Task prompt -
Go through the listing and copy every line word for word.

Record extracts -
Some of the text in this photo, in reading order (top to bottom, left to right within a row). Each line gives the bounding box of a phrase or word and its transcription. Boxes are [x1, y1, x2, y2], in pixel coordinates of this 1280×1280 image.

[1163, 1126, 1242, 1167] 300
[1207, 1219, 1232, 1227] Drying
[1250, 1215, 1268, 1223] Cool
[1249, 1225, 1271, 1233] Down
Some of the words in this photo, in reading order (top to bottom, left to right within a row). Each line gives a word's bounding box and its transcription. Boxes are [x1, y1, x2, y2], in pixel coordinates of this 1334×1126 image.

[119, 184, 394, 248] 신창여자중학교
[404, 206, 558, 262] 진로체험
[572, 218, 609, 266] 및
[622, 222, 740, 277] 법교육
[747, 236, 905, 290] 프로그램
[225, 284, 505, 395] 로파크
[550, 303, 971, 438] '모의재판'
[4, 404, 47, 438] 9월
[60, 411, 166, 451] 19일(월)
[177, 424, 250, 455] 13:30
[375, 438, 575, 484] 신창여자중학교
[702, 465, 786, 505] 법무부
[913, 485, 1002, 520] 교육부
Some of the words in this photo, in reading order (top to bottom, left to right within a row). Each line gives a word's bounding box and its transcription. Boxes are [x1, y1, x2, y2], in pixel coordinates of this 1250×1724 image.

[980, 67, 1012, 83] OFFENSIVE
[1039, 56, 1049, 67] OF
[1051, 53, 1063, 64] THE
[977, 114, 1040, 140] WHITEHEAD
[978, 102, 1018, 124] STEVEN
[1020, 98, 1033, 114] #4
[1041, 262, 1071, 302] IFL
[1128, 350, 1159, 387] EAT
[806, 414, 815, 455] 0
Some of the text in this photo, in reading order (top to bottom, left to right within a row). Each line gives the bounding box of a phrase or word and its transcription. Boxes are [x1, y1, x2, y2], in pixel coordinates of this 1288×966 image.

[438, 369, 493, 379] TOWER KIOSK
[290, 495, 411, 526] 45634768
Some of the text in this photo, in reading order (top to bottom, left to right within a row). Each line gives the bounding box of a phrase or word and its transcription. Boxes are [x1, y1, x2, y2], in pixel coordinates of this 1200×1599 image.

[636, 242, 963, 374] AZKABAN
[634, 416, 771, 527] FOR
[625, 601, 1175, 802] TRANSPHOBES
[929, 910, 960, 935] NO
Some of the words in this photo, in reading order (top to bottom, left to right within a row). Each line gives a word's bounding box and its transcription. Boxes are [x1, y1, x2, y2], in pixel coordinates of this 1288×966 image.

Response to the task -
Some of the text in this photo, in reading order (top to bottom, left to right within a row). Each line gives the bounding box of a phrase or word and its transcription. Boxes are [x1, y1, x2, y2], in pixel coordinates of this 1280×1280 image.

[1163, 1126, 1242, 1167] 300
[1207, 1219, 1232, 1227] Drying
[1250, 1215, 1268, 1223] Cool
[1249, 1225, 1271, 1233] Down
Some of the words in this photo, in reading order (top to bottom, left to right within a row). Each line gives a word's bounding box and its transcription. Boxes are [x1, y1, x2, y2], in pixel coordinates of this 1334×1126 image.

[119, 184, 394, 248] 신창여자중학교
[404, 206, 558, 262] 진로체험
[572, 218, 609, 266] 및
[622, 222, 740, 277] 법교육
[747, 236, 905, 290] 프로그램
[225, 284, 505, 395] 로파크
[550, 303, 971, 438] '모의재판'
[4, 404, 47, 438] 9월
[60, 411, 166, 451] 19일(월)
[177, 424, 250, 455] 13:30
[375, 438, 575, 484] 신창여자중학교
[702, 465, 786, 505] 법무부
[913, 485, 1002, 520] 교육부
Some of the words in this photo, in reading order (top to bottom, left to right within a row). Each line gives a word's bounding box and its transcription. Boxes are [x1, y1, x2, y2], in pixel coordinates of this 1250×1724 image.

[980, 67, 1012, 83] OFFENSIVE
[1039, 56, 1049, 67] OF
[1051, 53, 1063, 64] THE
[977, 114, 1040, 140] WHITEHEAD
[978, 102, 1018, 124] STEVEN
[1020, 98, 1033, 114] #4
[1041, 262, 1071, 302] IFL
[1128, 350, 1159, 387] EAT
[806, 414, 815, 455] 0
Some of the text in this photo, in reading order (top to bottom, left to right within a row). Each line gives the bounding box of a phrase or word and its transcription. Boxes are [x1, y1, x2, y2], in pixel coordinates of this 1288×966 image.

[438, 369, 493, 379] TOWER KIOSK
[290, 495, 411, 526] 45634768
Some of the text in this photo, in reading order (top to bottom, left to right within a row). Each line gives the bounding box of a phrase or word and its transcription. Boxes are [x1, y1, x2, y2], in pixel coordinates of this 1200×1599 image.

[636, 242, 963, 374] AZKABAN
[634, 416, 771, 527] FOR
[625, 601, 1175, 802] TRANSPHOBES
[929, 910, 960, 935] NO
Some of the words in this photo, in reading order (top to bottom, left to right within a row). Each line gives a word's bounding box and its transcription. Boxes are [x1, y1, x2, y2], in pixel coordinates of this 1288×966 image.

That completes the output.